The idea of building a shared floating upweller system (FLUPSY) to improve the production of Sydney Rock Oyster (Saccostrea glomerata) spat is being considered by some New South Wales oyster growers.
Ana Rubio is a director of the NSW-based Select Oyster Company (SOCo), which was established by the NSW oyster industry in 2004 to commercialise new lines of Sydney Rock Oysters, particularly those with improved disease resistance. However, she says production of spat by the hatcheries involved in SOCo has struggled to keep up the supply.
A single FLUPSY system would have capacity to grow out more spat than any single oyster producer is currently able to secure.
Following the visit by Dale Leavitt and workshops detailing the FLUPSY technology, she says growers in several regions have discussed with her the possibility of a jointly operated system in their estuaries.

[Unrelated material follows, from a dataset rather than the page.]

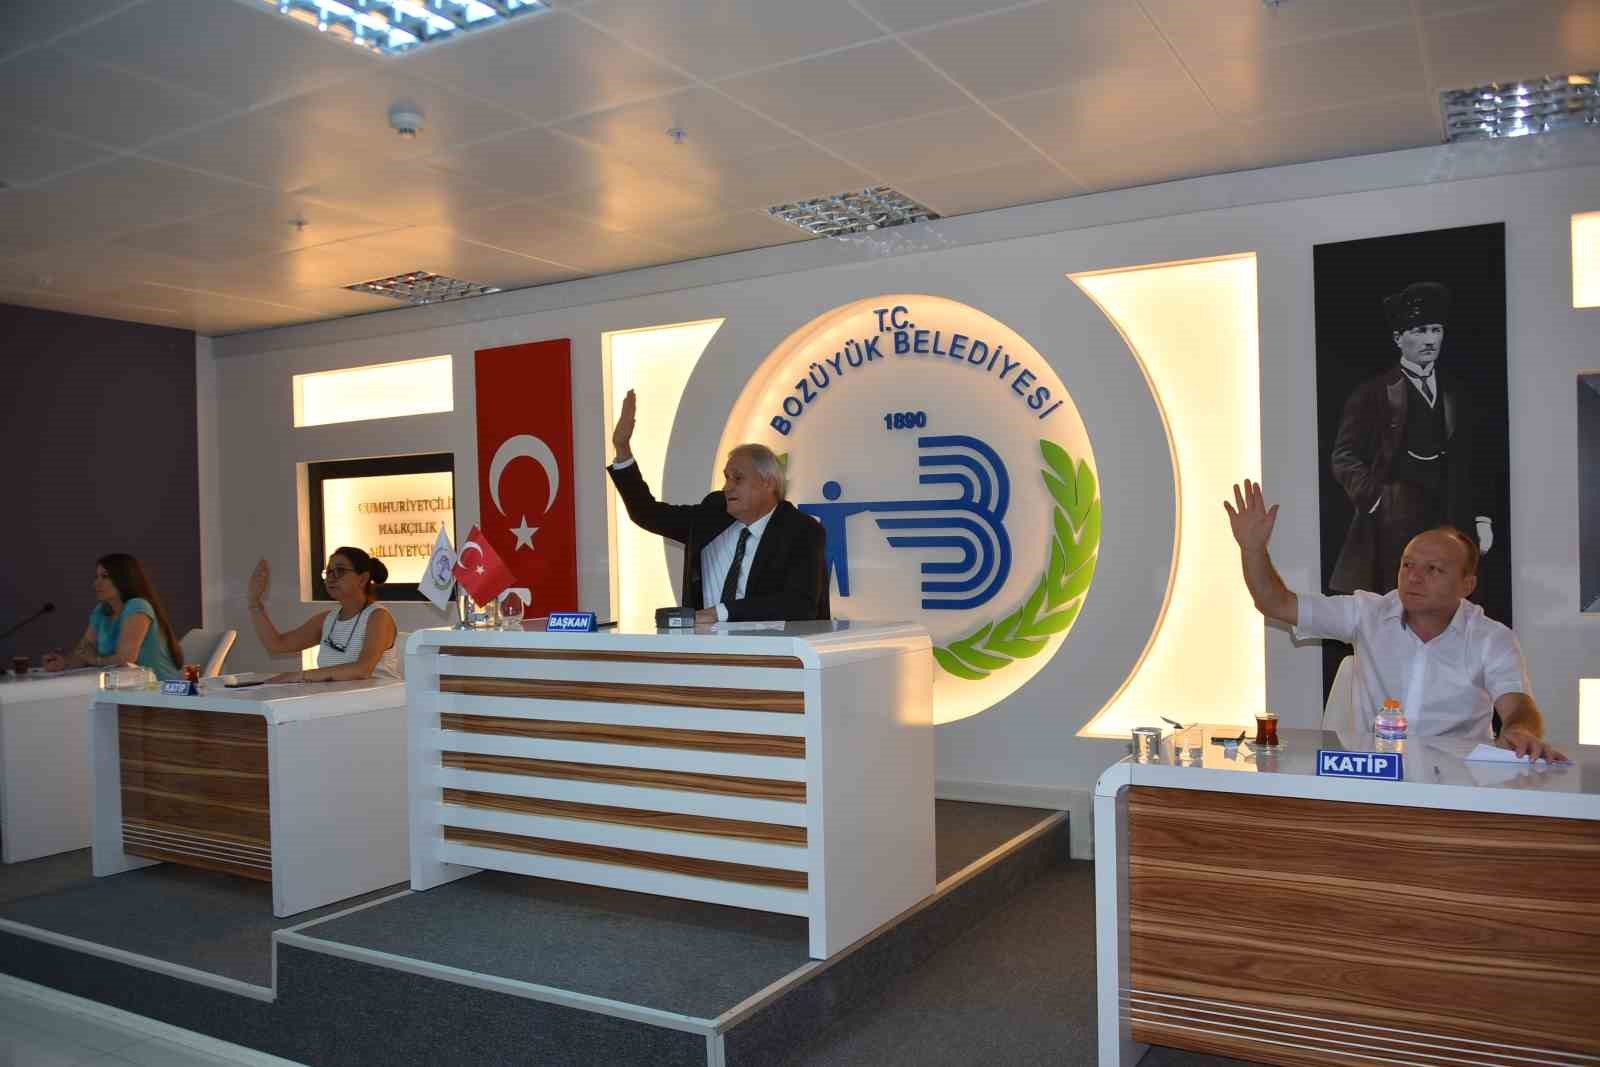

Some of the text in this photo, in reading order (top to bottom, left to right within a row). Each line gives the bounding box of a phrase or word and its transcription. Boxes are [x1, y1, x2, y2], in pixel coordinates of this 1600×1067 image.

“If hatchery production increases and becomes as consistent as the supply of Pacific Oyster (Crassostrea gigas) spat is in Tasmania and South Australia, it might be more economically viable for individual businesses to have their own nursery systems,” she says. “But there is simply not enough hatchery-reared Sydney Rock Oyster spat for that at the moment.
“Working together, growers farming in the same estuary would be able to share the costs, and the capacity of a FLUPSY.” She says some nursery operators in NSW are also interested in the technology to replace or to add to the land-based upwellers they use.